A role of nitric oxide in WIN 55,212-2 tolerance in mice.

The role of nitric oxide (NO) in the development of cannabinoid tolerance was examined by using N(omega)-nitro-L-arginine methyl ester (L-NAME) as an inhibitor of NO synthase. R(+)-[2,3-Dihydro-5-methyl-3 [(morpholinyl)methyl]pyrrolo[1,2,3-de]-1,4-benzoxazin-yl]-(1-napht halenyl)methanone mesylate (WIN 55,212-2), a cannabinoid receptor agonist, or L-NAME plus WIN 55,212-2 was acutely or chronically injected i.p. to mice and analgesia, body temperature and immobility were measured. A single injection of WIN 55,212-2 induced time- and dose-dependent analgesia, hypothermia and catalepsy. L-NAME (50 mg/kg), which per se was ineffective, administered 20 min before WIN 55,212-2 did not modify the analgesic, hypothermic and cataleptic responses to the cannabinoid. When WIN 55,212-2 was administered once a day, the animals became completely tolerant to the analgesic, hypothermic and cataleptic effects within five, seven and nine days respectively.
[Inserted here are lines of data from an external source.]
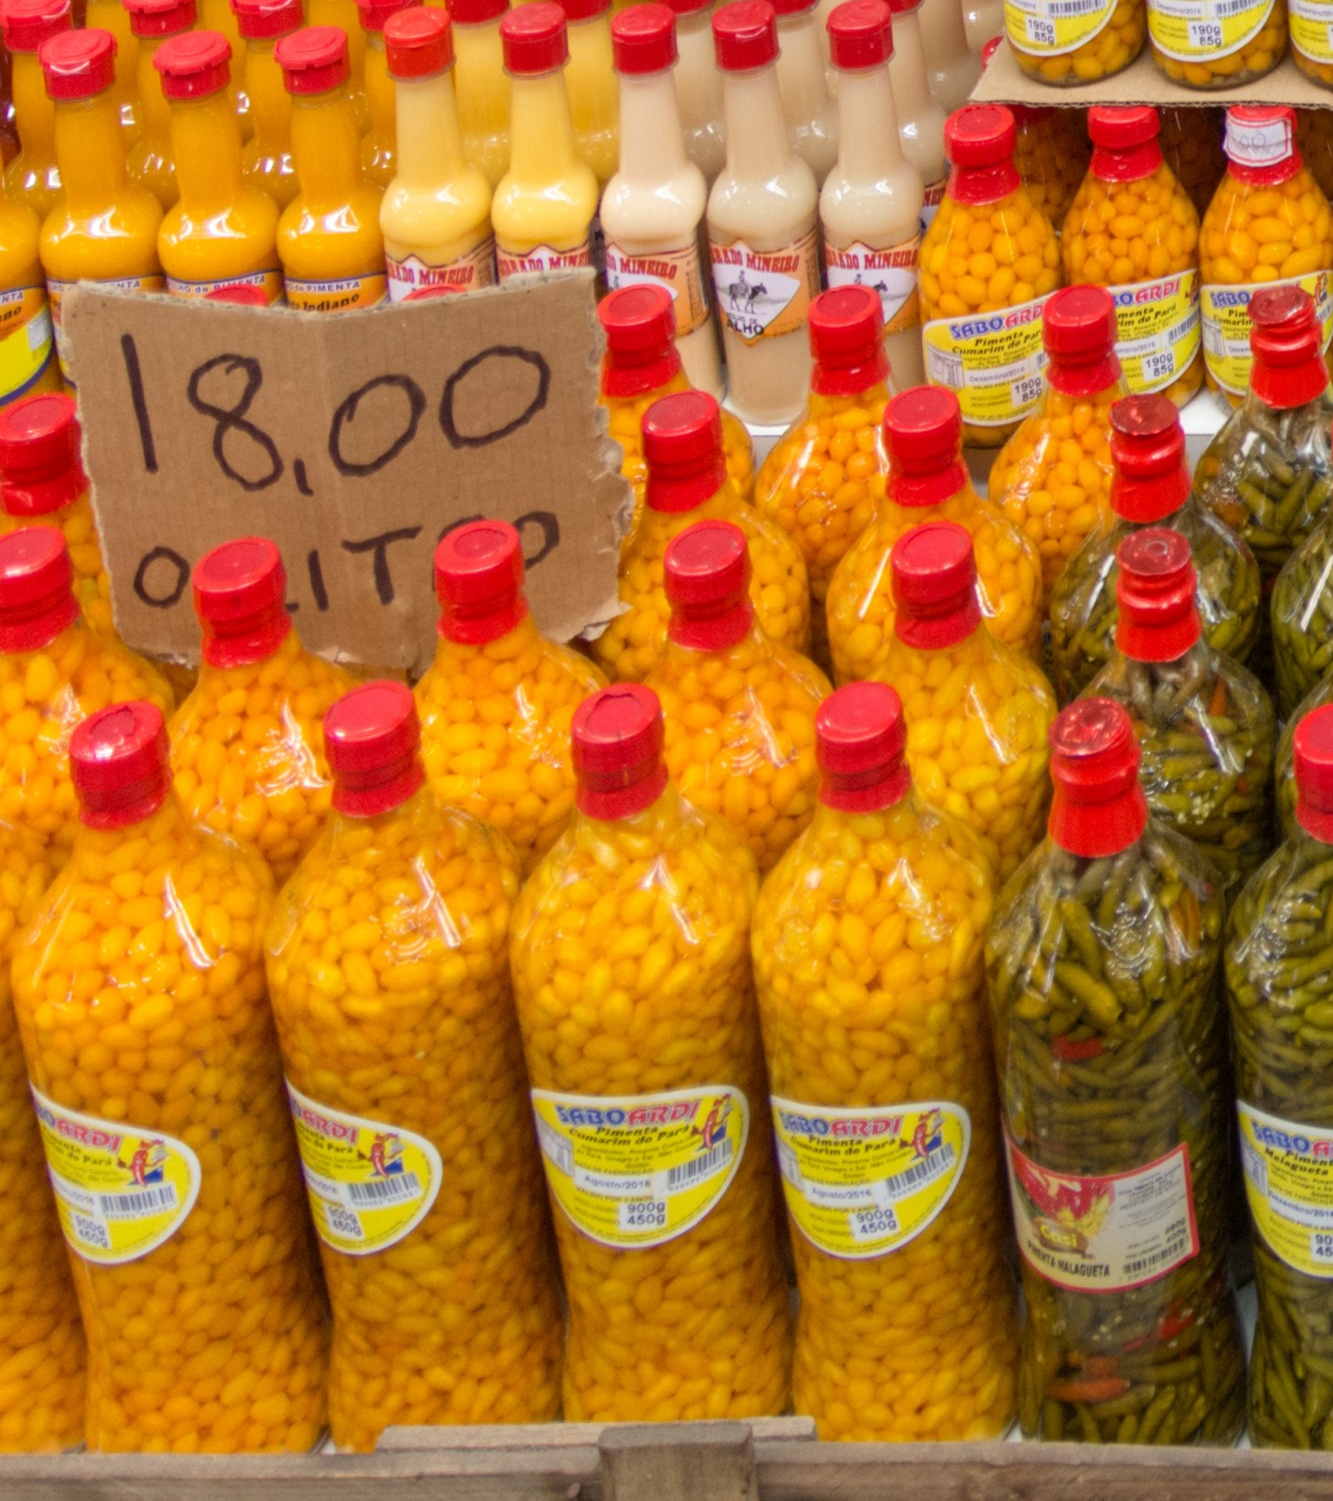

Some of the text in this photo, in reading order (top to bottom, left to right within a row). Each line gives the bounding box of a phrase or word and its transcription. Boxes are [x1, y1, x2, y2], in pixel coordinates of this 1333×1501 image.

[1193, 24, 1221, 36] 190g
[746, 253, 800, 272] MINEIRO
[726, 320, 766, 336] ALHO
[284, 510, 560, 614] ITO
[556, 1101, 699, 1127] SABOARDI
[627, 1202, 666, 1215] 900g
[626, 1213, 666, 1227] 450g
[1057, 1259, 1111, 1279] MALAGUETA
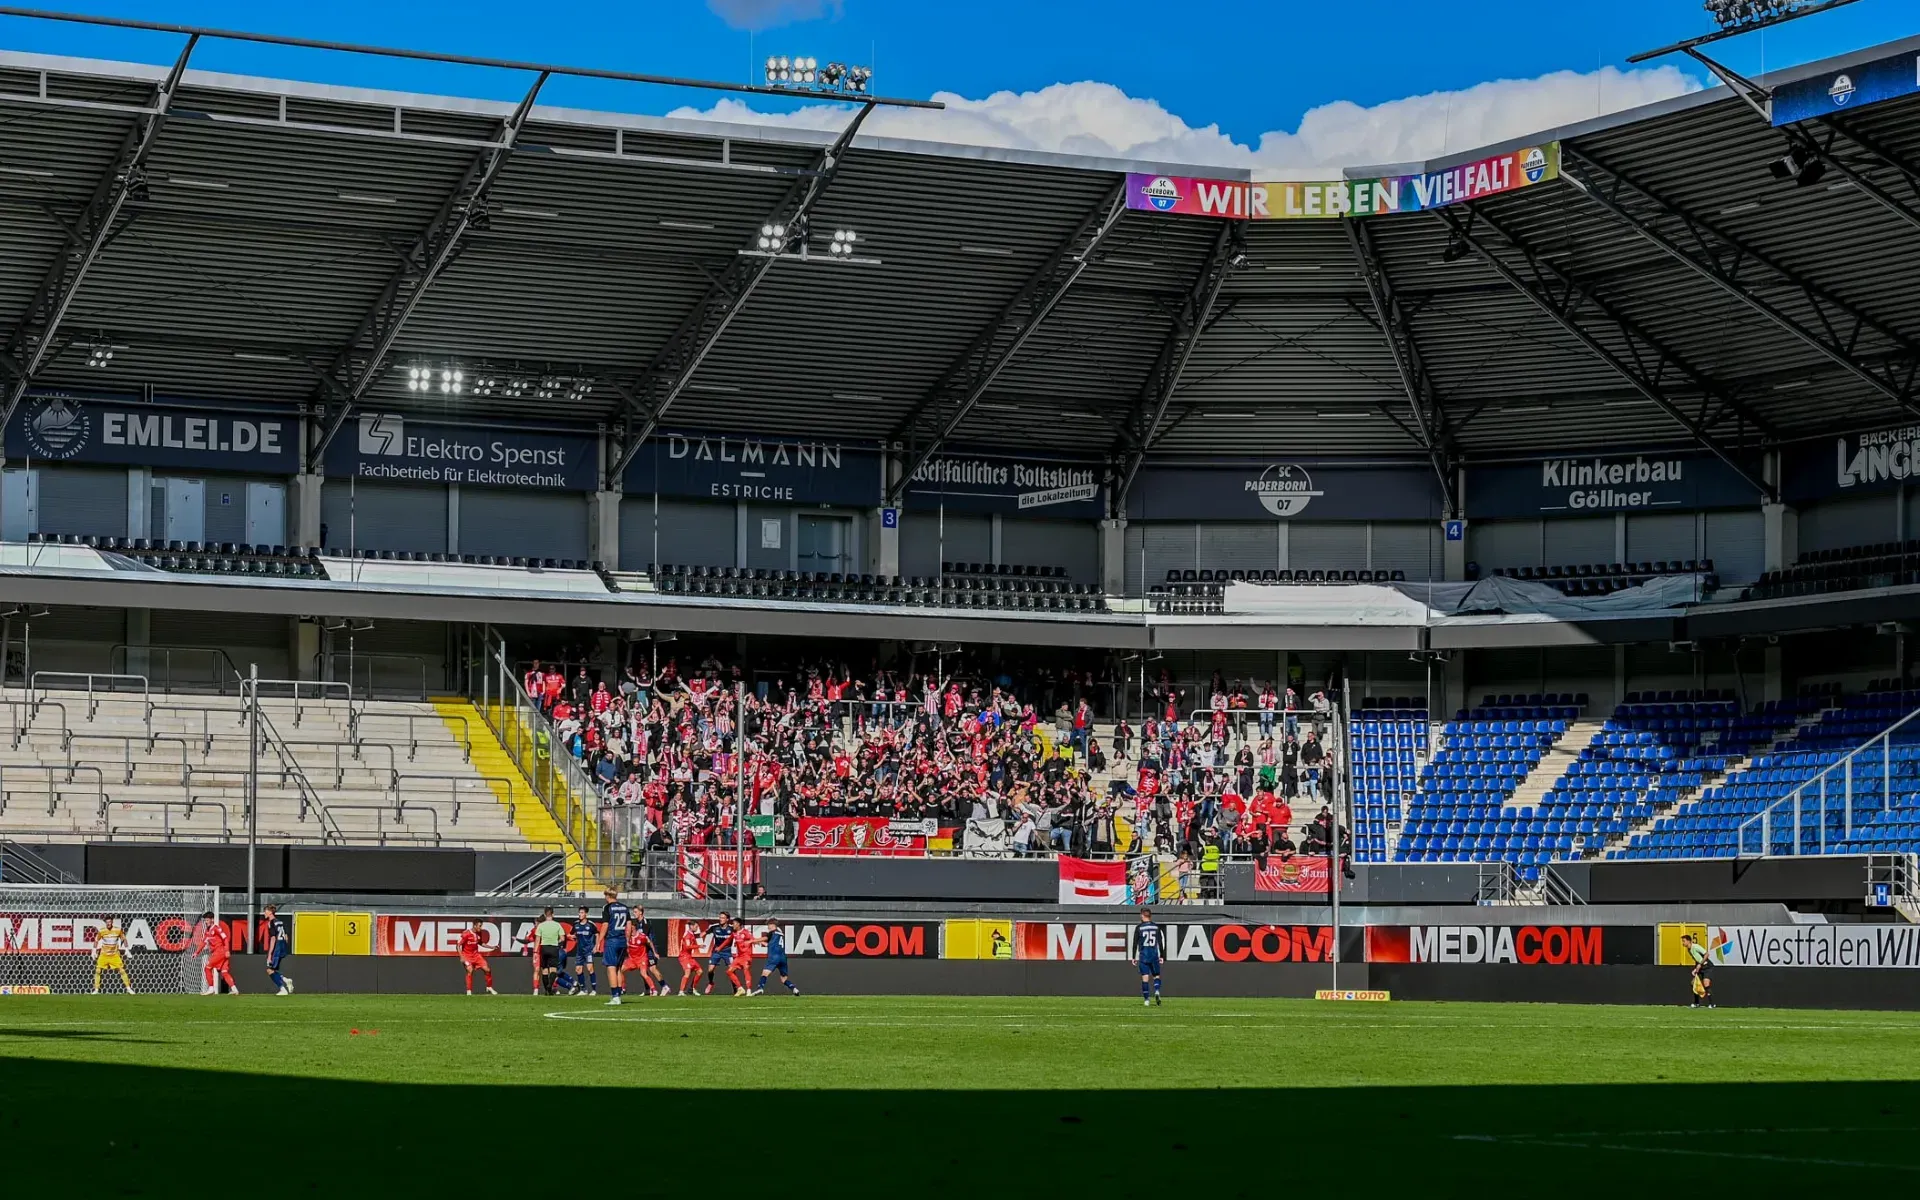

L-NAME injected once daily 20 min before WIN 55,212-2 inhibited the development of tolerance to the hypothermic and cataleptic actions but not to the analgesic action of WIN 55,212-2. Since L-NAME given chronically by itself did not modify the analgesia, hypothermia and catalepsy induced by acute administration of WIN 55,212-2, our findings suggest L-NAME acts with some selectivity on the mechanisms involved in cannabinoid tolerance.